J’ai travaillé avec OTG, le seul artiste signé sur mon label, et aussi Prezident Jeff, IAM NOBODY, Tiffany Gouché, Deezy Hustle, et … Attends, je réfléchis voir si je n’ai oublié personne… Non c’est bon, personne ne peut m’en vouloir !

En plus de l’album tu as mis en ligne une sorte de mini-documentaire. J’ai l’impression que ce phénomène se multiplie. C’est juste promotionnel ?
Non pas du tout, je voulais donner un bonus aux gens qui m’écoutent. Je voulais qu’en plus d’avoir un album à écouter, ils aient un truc à voir. Donc dans cette vidéo, je permets aux gens de voir comment le projet s’est construit. On me suit en voyage, on me voit avoir peur, me poser des questions sur des choses de la vie… Je voulais être plus proche des gens qui m’écoutent en essayant de briser cette fausse image fictive que certains ont sur la vie des artistes.

Dans une autre interview, tu disais vouloir changer le regard des gens sur les « filles qui rappent ». Tu penses avoir réussi ?

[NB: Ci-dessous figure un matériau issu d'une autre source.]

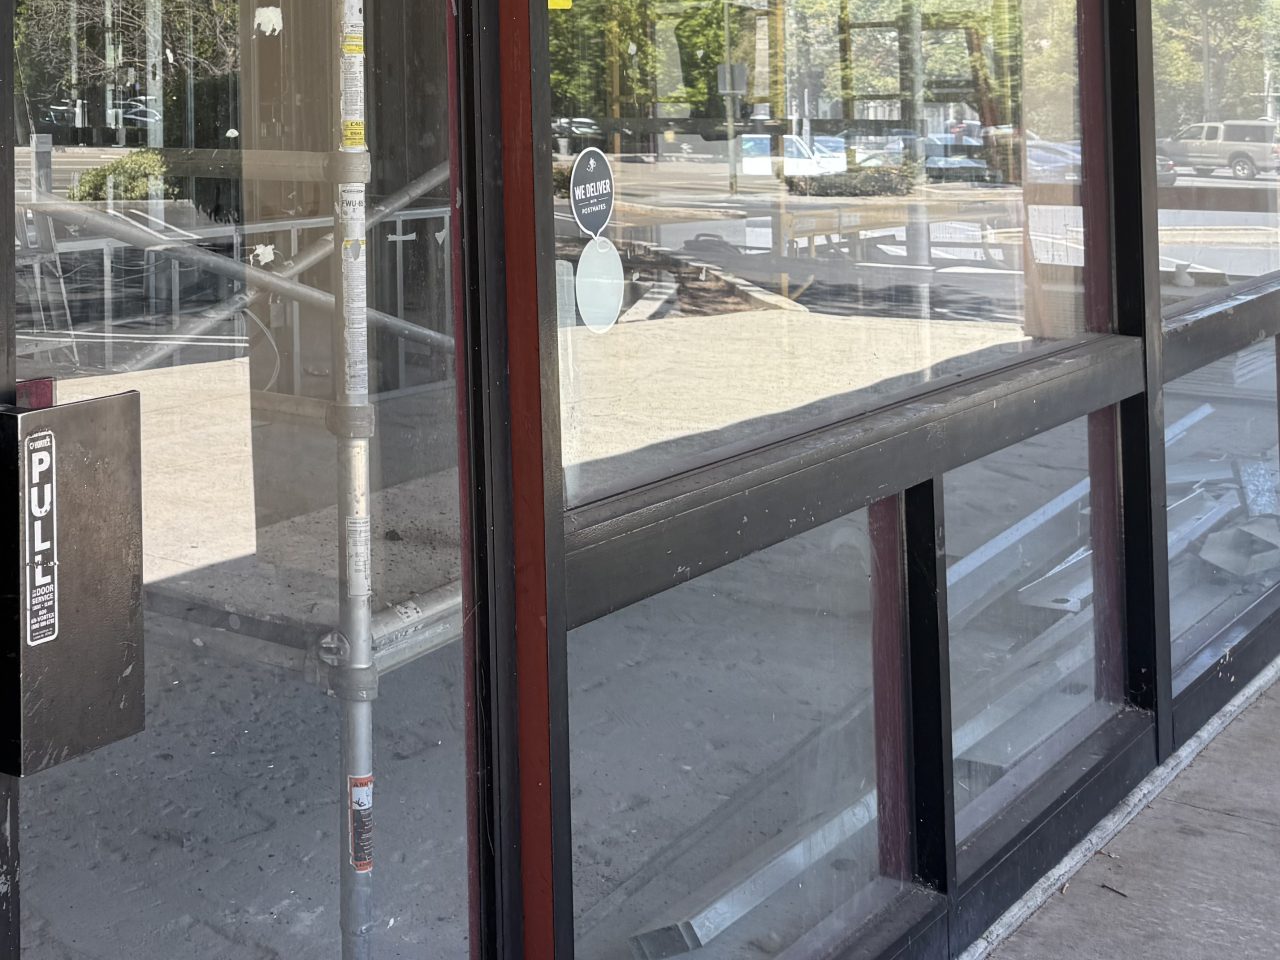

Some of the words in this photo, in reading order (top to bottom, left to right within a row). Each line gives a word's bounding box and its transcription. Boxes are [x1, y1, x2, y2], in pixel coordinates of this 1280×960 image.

[574, 184, 586, 201] WE
[585, 178, 611, 198] DELIVER
[581, 203, 606, 215] POSTMATES
[30, 450, 51, 587] PULL
[36, 584, 54, 596] DOOR
[31, 593, 54, 605] SERVICE
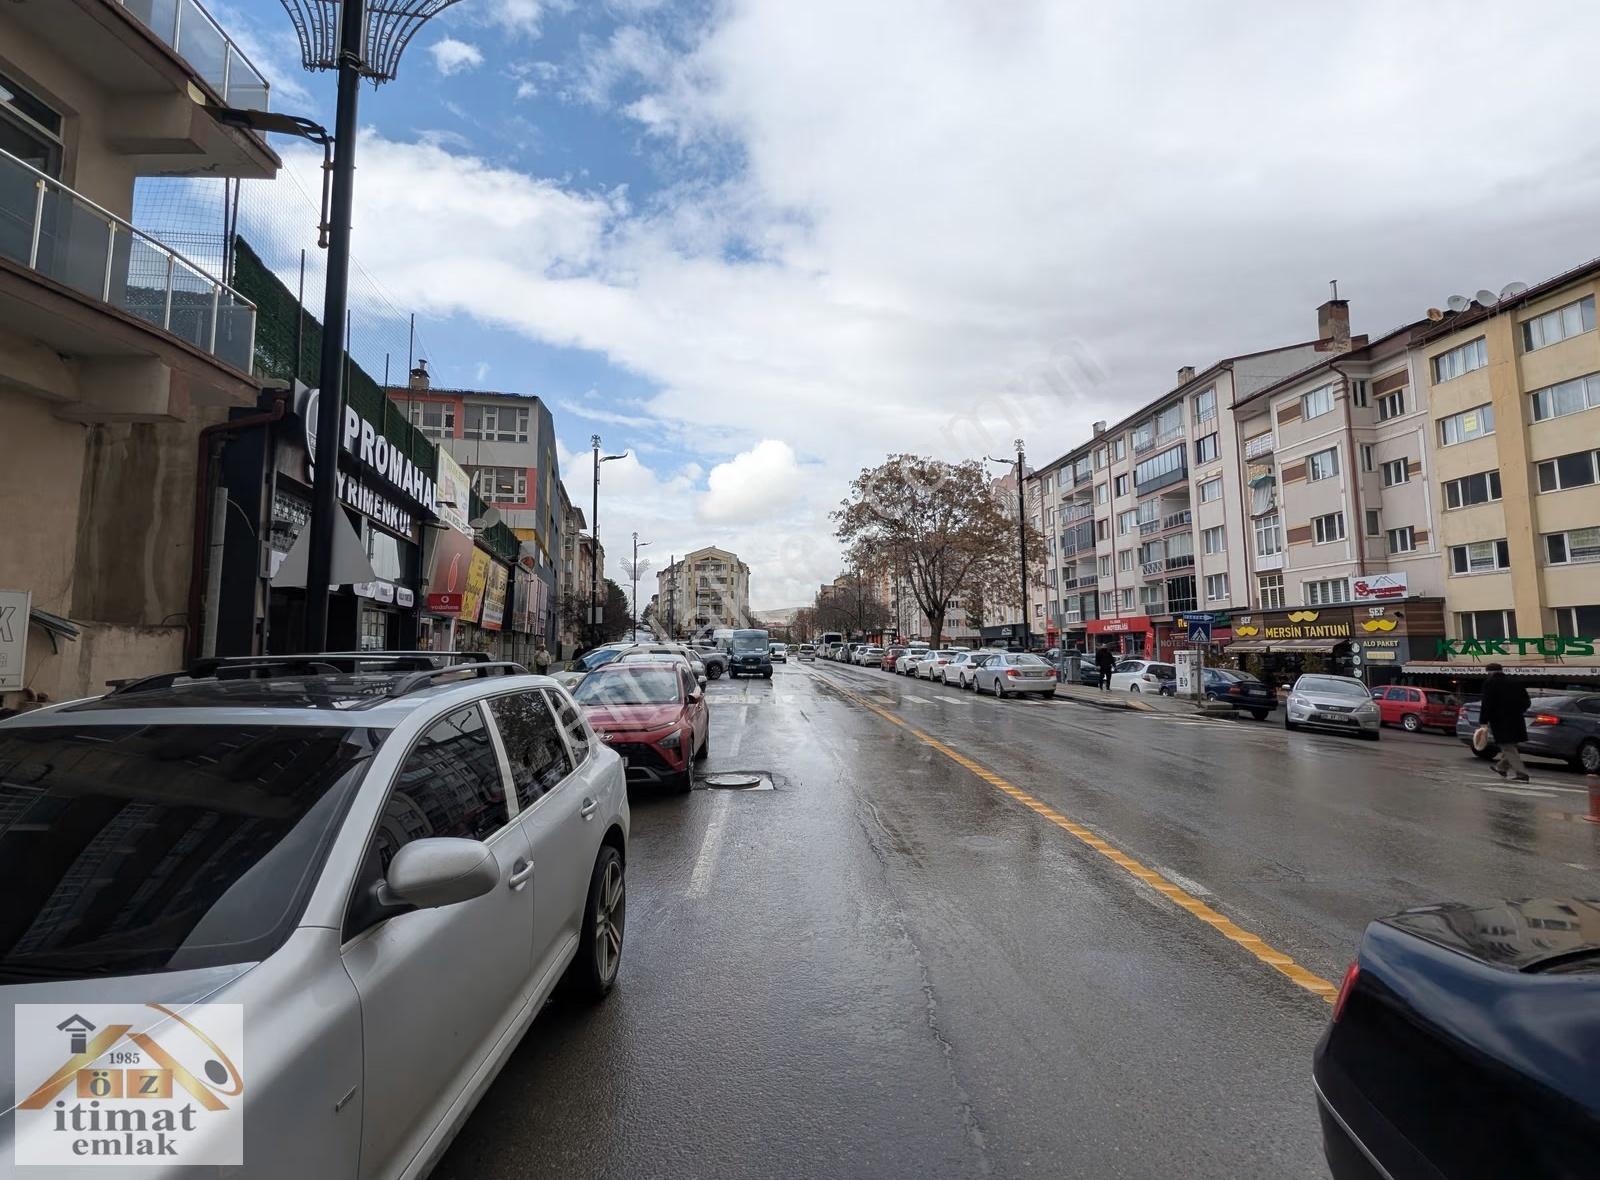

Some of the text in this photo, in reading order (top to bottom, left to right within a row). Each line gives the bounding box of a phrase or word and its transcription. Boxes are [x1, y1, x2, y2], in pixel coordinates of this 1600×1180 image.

J’espère en tout cas. En réalité, j’essaie de m’extirper de cette case de « meuf qui rappe ». Je ne suis pas juste une meuf ou une rappeuse. Je suis une personne et une artiste avant tout. J’essaie vraiment de casser ce stéréotype auquel certains essayent de me réduire et de réduire les autres filles du milieu. Je ne veux pas qu’on soit simplement perçus comme des femmes-rappeuses, mais comme des artistes à part entière, tu vois ?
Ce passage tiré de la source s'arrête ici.